J'ai envie de planter cette lame dans ma cuisse, mais à peine effleure-t-elle ma peau que cette douleur fantôme me brûle, me fait monter les larmes aux yeux. Comment puis-je ressentir sans même me sentir en vie ?
La lune est seule maîtresse de mes actions désormais. Seule elle peut veiller sur moi aussi bien que tu le faisais, et chacun de mes sanglots lui est adressé. Est-ce qu'elle prend bien soin de toi ? Je suis sûre qu'elle te laisse prendre les commandes de temps à autres, le ciel est si beau depuis que tu es partie, comme si chaque journée était un nouveau tableau sur lequel t'exercer. Un fond bleu entrecoupé de tes traits orange et roses, ajoute encore un peu de nuages, que je puisse me cacher et m'emmitoufler parmi eux. N'invoque plus la pluie, nous avons bien assez pleuré, aujourd'hui encore je tremble à chaque fois que ton nom est prononcé.

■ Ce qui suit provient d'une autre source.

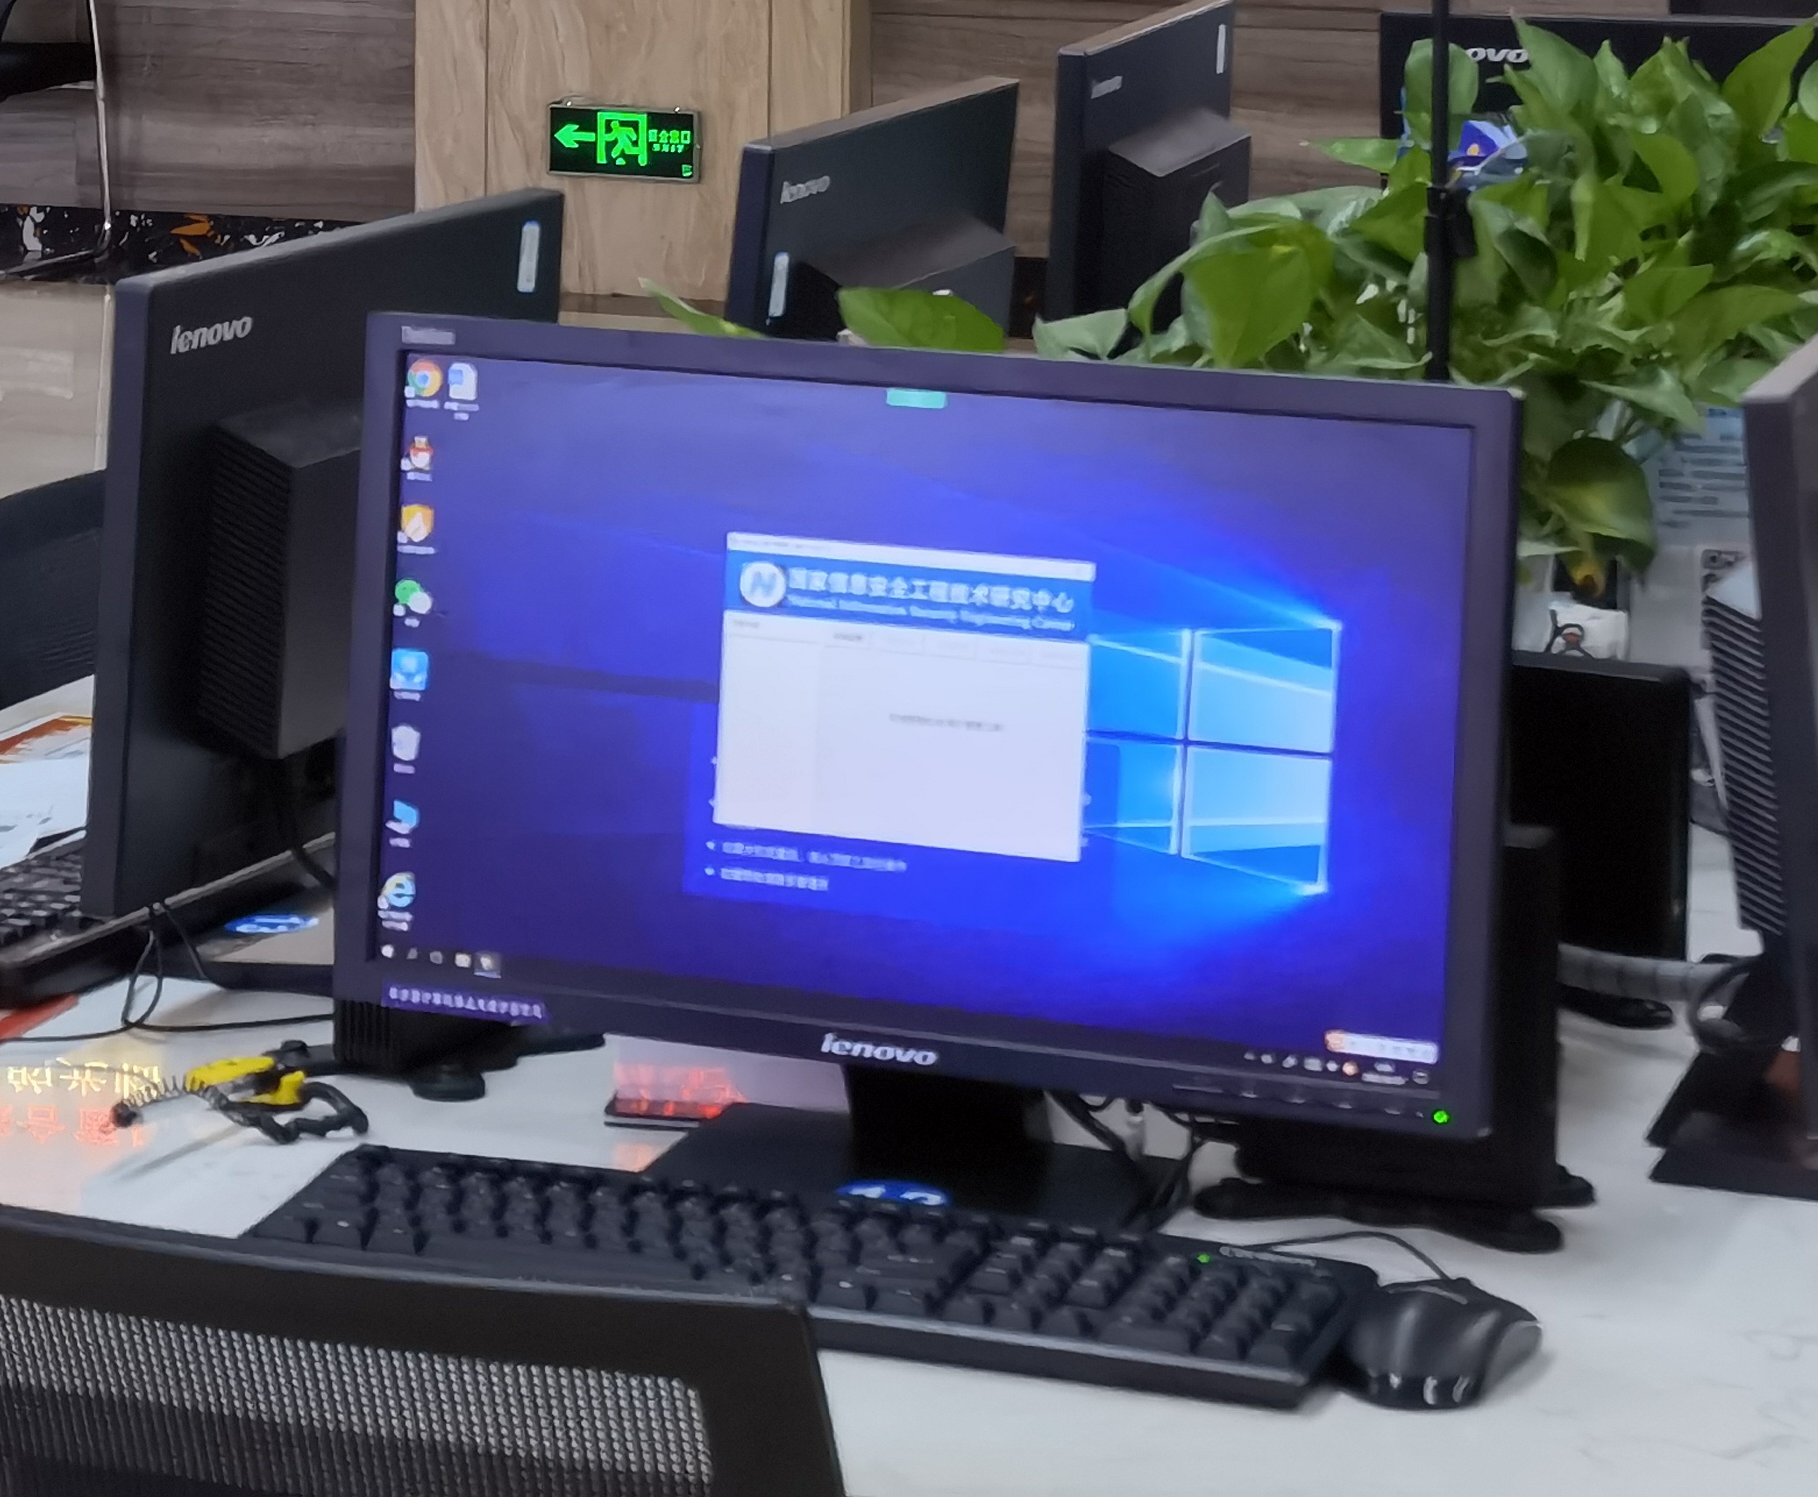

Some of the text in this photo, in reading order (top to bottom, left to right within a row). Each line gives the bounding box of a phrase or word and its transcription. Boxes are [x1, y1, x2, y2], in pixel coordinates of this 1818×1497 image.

Je me réveille à la même heure chaque nuit, si je parviens à m'endormir. Je n'ai pas besoin de ces insomnies pour me souvenir, laisse-moi en paix, j'ai besoin de ces nuits pour affronter le jour. Je ne sais plus lequel des deux est le plus terrifiant. J'ai bien plus peur de moi-même que du reste à présent. J'ai beau user de mes tours les plus fins, elle finit toujours par me retrouver et me tourmenter. J'ai l'impression qu'elle ne cessera jamais, cette tristesse pesante qui sévit en mon sein, et qui grandit, grandit, elle prend de la place tu sais, elle m'étouffe, je m'étrangle sur des mots que je ne veux même plus prononcer.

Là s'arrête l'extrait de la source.